Sobre “High Noon”

Um assassino condenado à morte foi liberado por políticos e está voltando à vila que o capturou e julgou para se vingar dos representantes da lei que o tiraram de circulação. Três de seus comparsas o esperam na estação, um prediozinho simples, como praticamente todos os prédios daquela vila erguida no meio do deserto, erguida, certamente, a muito custo, a muito suor e sacrifício. Will Kane, o delegado que apanhou o bandido e cimentou o sossego do local, está se casando, é seu último dia de serviço antes de passar a estrela ao substituto, mas quando descobre que os malfeitores estão às portas da cidadezinha pela qual tanto trabalhou, ele finca o pé na terra e decide encarar a desventura como homem; o problema é que, mal sabia o pobre delegado, ele era um dos únicos homens da região.

Boa parte de “High Noon” consiste da dolorosa via de decepções percorrida por Will Kane, pois ele precisa de ajuda para conter os criminosos e ninguém, à exceção de um velho caolho e de um bravo rapazote meio cabeça de vento — talvez sua bravura tenha nascido do vento de sua cabeça –, se dispõe realmente a ajudá-lo. As pessoas, com a visão nublada pela covardia, se apegam a ninharias e conveniências demasiadamente efêmeras, efêmeras, sobretudo, se os suportes de tais ninharias e conveniências não são defendidos.

O juiz que havia condenado o assassino, antevendo a poltronia dos cidadãos, foge dizendo que nada do que acontece naquela cidade importa; o sujeito que trabalhava com Kane exige ser promovido a delegado antes de auxiliá-lo; um fulano apressado e impulsivo que havia oferecido seus tiros dá pra trás quando constata a inferioridade numérica do seu lado; um amigo de Kane manda a mulher dizer que ele não está em casa; na igreja algumas vozes se levantam a favor e contra o delegado, mas um fanfarrão convence a assembléia que aquilo ali não vale a pena, melhor seria se Kane fosse embora de vez, pois se os bandidos não o achassem por lá, nada aconteceria, ademais gente do norte queria investir naquela área e um tiroteio não seria bom para os negócios. Nem mesmo o antigo delegado, homem que servira de inspiração a Kane, se dispôs ao auxílio, sequer levantou de onde estava sentado. Além disso, o bandido tinha amigos que freqüentavam a taverna, e o cara do hotel não gostava do delegado, no tempo que o assassino andava solto, seu hotel ia mais cheio, os negócios eram melhores.

Esta era a situação moral da vila de Will Kane, talvez uma situação moral universal nas sociedades humanas.
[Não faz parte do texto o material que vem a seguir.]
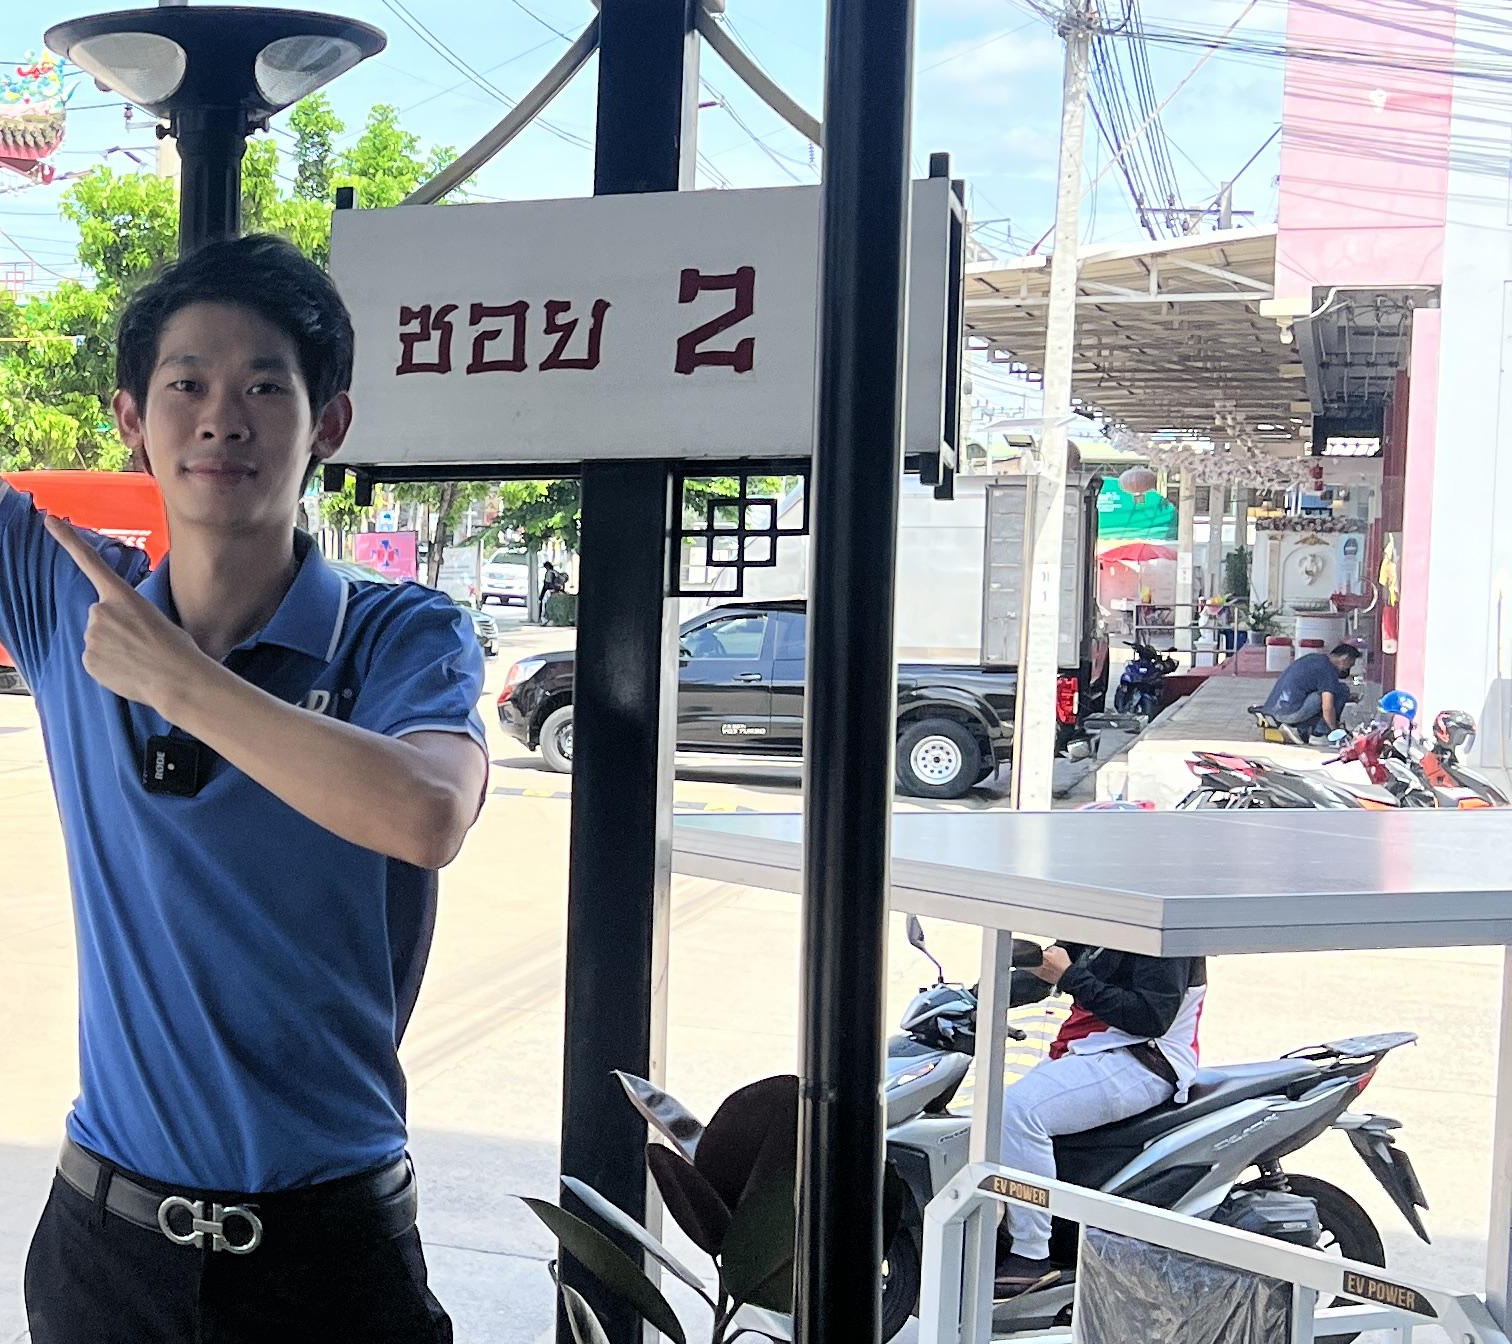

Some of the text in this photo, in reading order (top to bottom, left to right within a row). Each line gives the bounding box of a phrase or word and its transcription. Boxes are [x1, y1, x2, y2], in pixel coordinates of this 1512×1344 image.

[396, 266, 756, 376] ซอย 2
[993, 1177, 1047, 1206] EV POWER
[1347, 1274, 1416, 1310] EV POWER
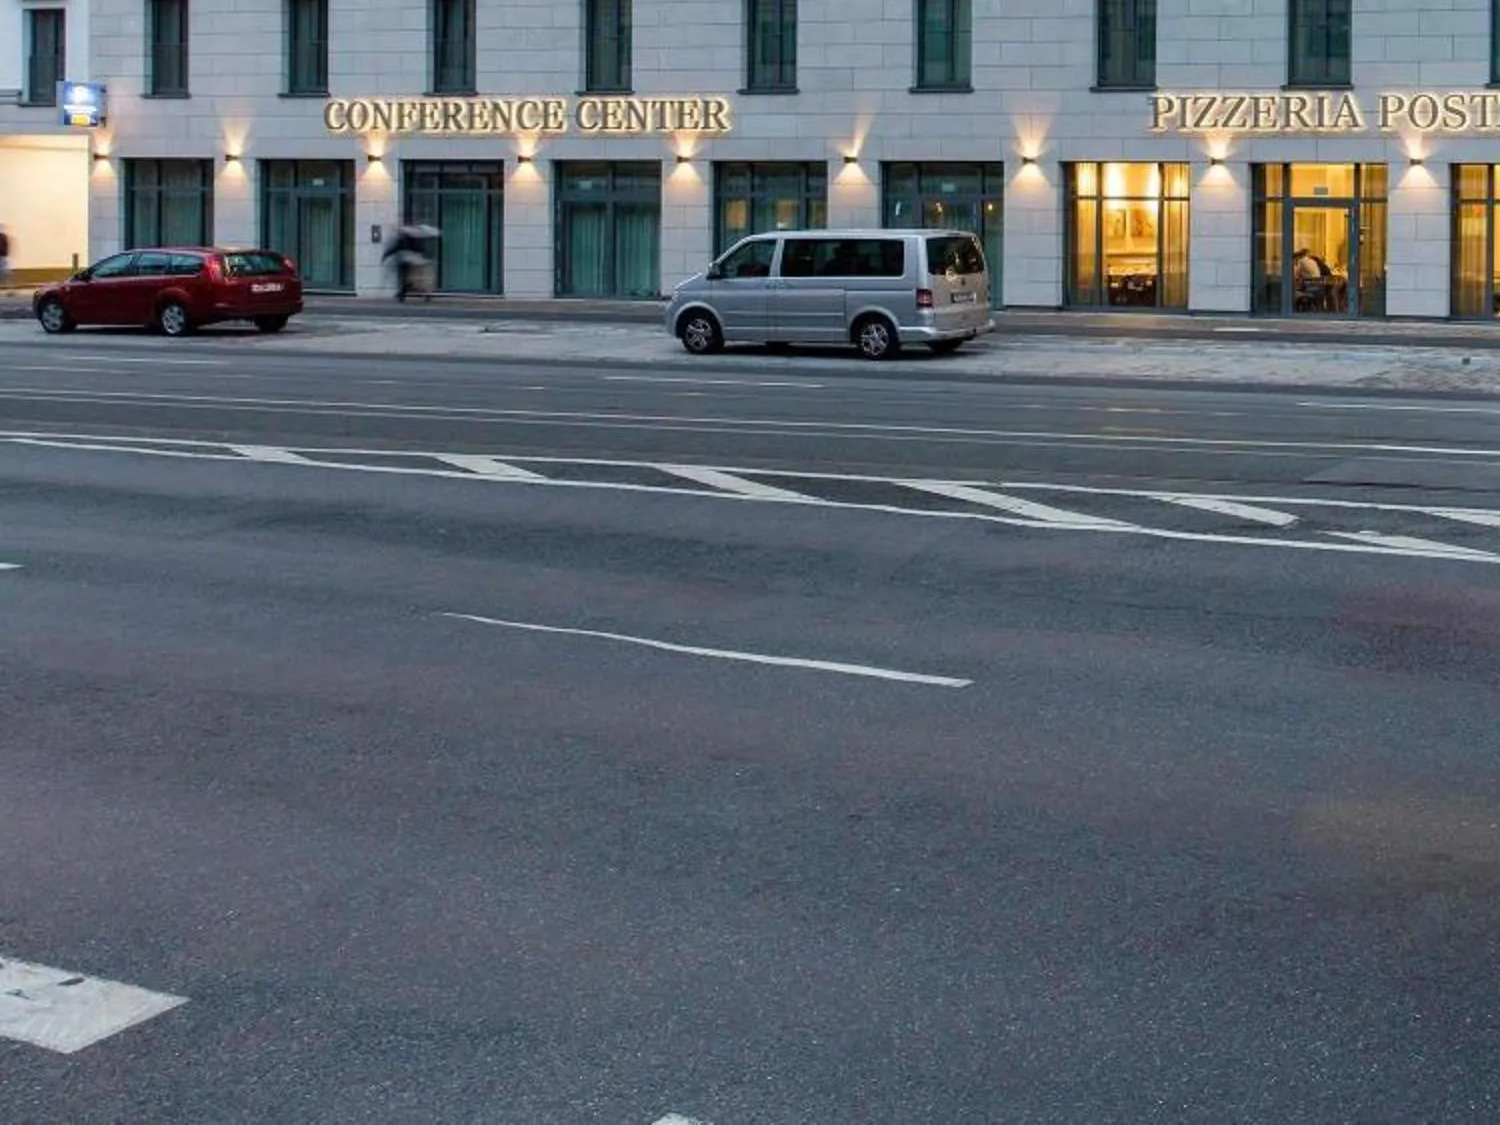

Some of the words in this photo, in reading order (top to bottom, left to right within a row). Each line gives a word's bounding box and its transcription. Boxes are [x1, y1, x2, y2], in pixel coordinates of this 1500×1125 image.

[323, 100, 565, 131] CONFERENCE
[575, 99, 729, 130] CENTER
[1151, 94, 1363, 130] PIZZERIA
Medrosa e apegada aos aspectos mais ordinários da existência, a população deixa de enxergar o óbvio: o bandido que está chegando é cruel e perigoso, pouca consideração teria pela maioria das pessoas dali e certamente transformaria o lugarejo num inferno antes de afundá-lo nas areias escaldantes daquele deserto.
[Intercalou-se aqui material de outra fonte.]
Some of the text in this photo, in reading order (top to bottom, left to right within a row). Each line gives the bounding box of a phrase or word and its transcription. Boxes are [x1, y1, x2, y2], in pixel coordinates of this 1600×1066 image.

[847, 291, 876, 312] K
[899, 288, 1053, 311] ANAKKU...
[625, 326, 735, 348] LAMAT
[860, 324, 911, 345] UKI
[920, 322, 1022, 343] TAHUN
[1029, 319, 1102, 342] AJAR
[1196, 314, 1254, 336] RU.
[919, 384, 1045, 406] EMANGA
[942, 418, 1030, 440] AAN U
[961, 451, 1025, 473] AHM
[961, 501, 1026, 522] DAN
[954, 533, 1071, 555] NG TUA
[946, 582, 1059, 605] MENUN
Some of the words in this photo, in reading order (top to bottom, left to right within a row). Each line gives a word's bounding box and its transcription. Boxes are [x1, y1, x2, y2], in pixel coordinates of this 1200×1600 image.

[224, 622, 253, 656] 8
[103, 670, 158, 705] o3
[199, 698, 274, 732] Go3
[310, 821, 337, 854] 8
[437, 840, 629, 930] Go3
Will Kane é um homem honrado, o que o segura na vila, mesmo correndo tanto risco, é um senso de dever mui profundo, e incompreensível, creio, para a maioria das mentas modernas. Gary Cooper entrega um personagem austero e comovente, é possível ler as intenções de Kane nos olhos do ator. Também são honradas as mulheres da trama, especialmente Helen Ramirez e Amy Kane, ambas são fortes e fiéis à própria consciẽncia, a bússola moral delas está muito melhor ajustada do que a bússola moral dos marmanjos em roda, e Katy Jurado, como Helen Ramirez, transpira uma força viva e misteriosa que parece emanar desde seu âmago, de maneira que as vagas impressionantes que atingem seu semblante não parecem ser mais do que marolas surgidas de tormentas fundas.

Por fim, não há como falar deste filme sem mencionar a emblemática música tema composta por Dimitri Tiomkin, com letra de Ned Washington, talvez a efígie dos sentimentos conturbados de Will Kane.

“High Noon” foi o primeiro filme de faroeste que vi na vida — descontado “Django Unchained”, há quem considere “Django Unchained” faroeste –, e digo que comecei muito bem.